There will be no joy in Mudville for 90 percent of the nation’s small businesses who have received no economic stimulus funding or have been denied credit, additional or otherwise, as well as those who have received no benefit from the stimulus or bailout programs. To be fair, some 60,000 small businesses (that’s .0002 of the total) received loans from the SBA last year, leaving only 28,940,000 who have received nothing but platitudes.
The Administration’s record of failure speaks for itself:
- Small businesses received only one percent of the bailout. ($800 million. Wow, when by recent accounts the automotive industry received $100 billion and only employs two million people.)
- Guaranteed loans from the SBA have only reached the levels of 2006 in the face of the worst economic crisis for small business since the Depression.
- The SBA runs out of loan guarantee authority periodically because of the Administration and Congress’s outright stinginess, while authorizing billions for their big donors on Wall Street and Big Business.
- The recent job bill is a joke, as to assisting small businesses. Small business can receive up to $5,000 over a year for hiring an un-necessary new worker at $40,000 annually.
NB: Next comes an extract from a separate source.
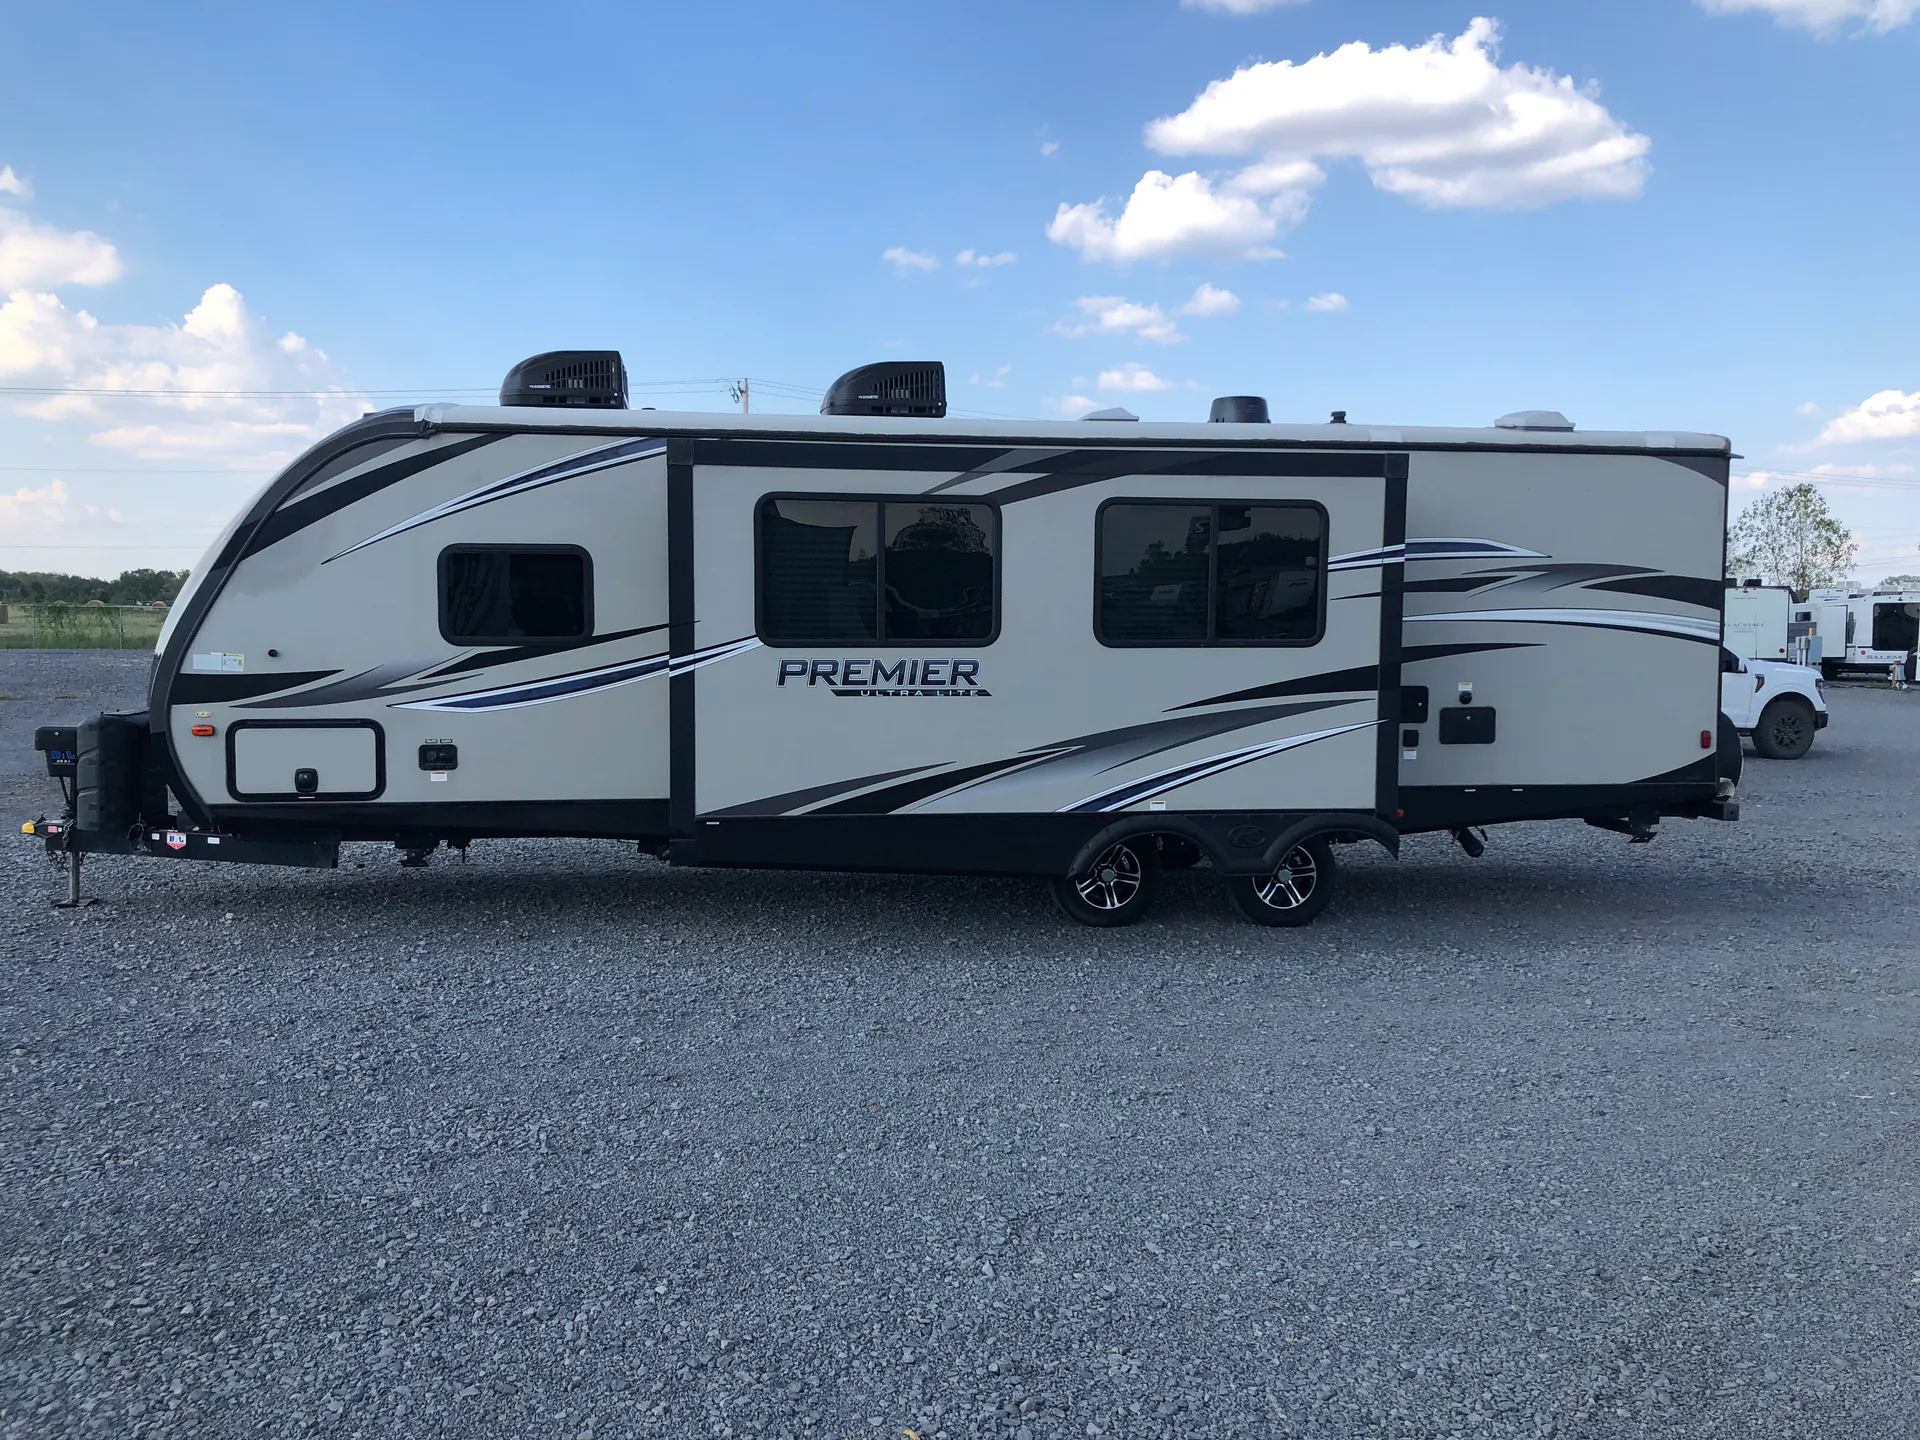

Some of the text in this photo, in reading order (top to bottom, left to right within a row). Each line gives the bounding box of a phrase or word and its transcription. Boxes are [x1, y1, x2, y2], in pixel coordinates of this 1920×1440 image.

[777, 658, 981, 687] PREMIER
[860, 689, 979, 697] ULTRA LITE
Spending $40,000 to receive a meager $5,000 won’t motivate most owners to hire a useless non-productive employee.
- The recently passed healthcare bill is loaded with provisions that will cost small businesses tens of thousands of dollars depending on their size. If a small business under twenty-five employees pays for insurance, it will receive back as tax credits one third of the actual cost. Unfortunately, according to the highly-touted Congressional Budget office only 11 percent of all small businesses will qualify for the program. An additional problem is small businesses which do qualify will not actually receive the tax credit until next year, while the remaining 89 percent of this category can go pound sand.
Once again the logic fails us. Why would a cash-strapped employee spend $10,000 to receive only $3,000 next year as a reimbursement a year later?
Allegedly businesses with more than 50 employees do have mandatory insurance, but the Administration’s deception here is if one employee signs up for the newly created healthcare exchanges, the employer will have to pay a penalty of $2,000 per employee. If an employer has 80 employees they will pay a penalty tax of $160,000, which apparently is Congress’s definition of free choice?
In Massachusetts, a highly touted good predecessor of the government’s program, insurers recently raised their rates thirty percent in the third year of the program. The Administration and its Congressional cronies should end the charade that this healthcare bill will save small businesses money.
In usual Washington fashion, since the small business program with big banks is failing, the Administration has proposed $30 billion in loan guarantees through community banks … more of the same failing policy.
This bill shores up the capital of small community banks but has no teeth to mandate increased lending to small businesses and few economic incentives to stimulate loans … and of course its two years after the economic depression started.
It’s always easy to criticize, but here are some implementable steps to re-establish small business as the main force in an economic recovery:
- Forget the current proposed loan guarantee program and allocate $50 billion for a Direct Lending Program run by a Patton-like 24/7 personality who has a directive to it running in 60-days.
- Loosen the current stringent loan standards to broaden the assistance to the tens of thousands of small businesses that deserve it and need it.
- Establish a “Get-A-Loan Today” program within the nation’s city halls working with the United States Conference of Mayors to deploy the credit. The SBA should be placed on a crisis mode with regular after-hours and Saturday work schedules to better accommodate small businesses with weekly accountability to the public.
- Beef up the SBA’s paltry administrative budget to deliver a real economic program instead of a shadow one.
- Make the SBA Director a cabinet level position, so that small business has a vocal advocate at the White House table. With 60 million employees, the nation’s small businesses deserve at least that much.
You can make all the excuses you want for failed policy, but does this administration have the will to implement a new policy to help the largest segment of our economy?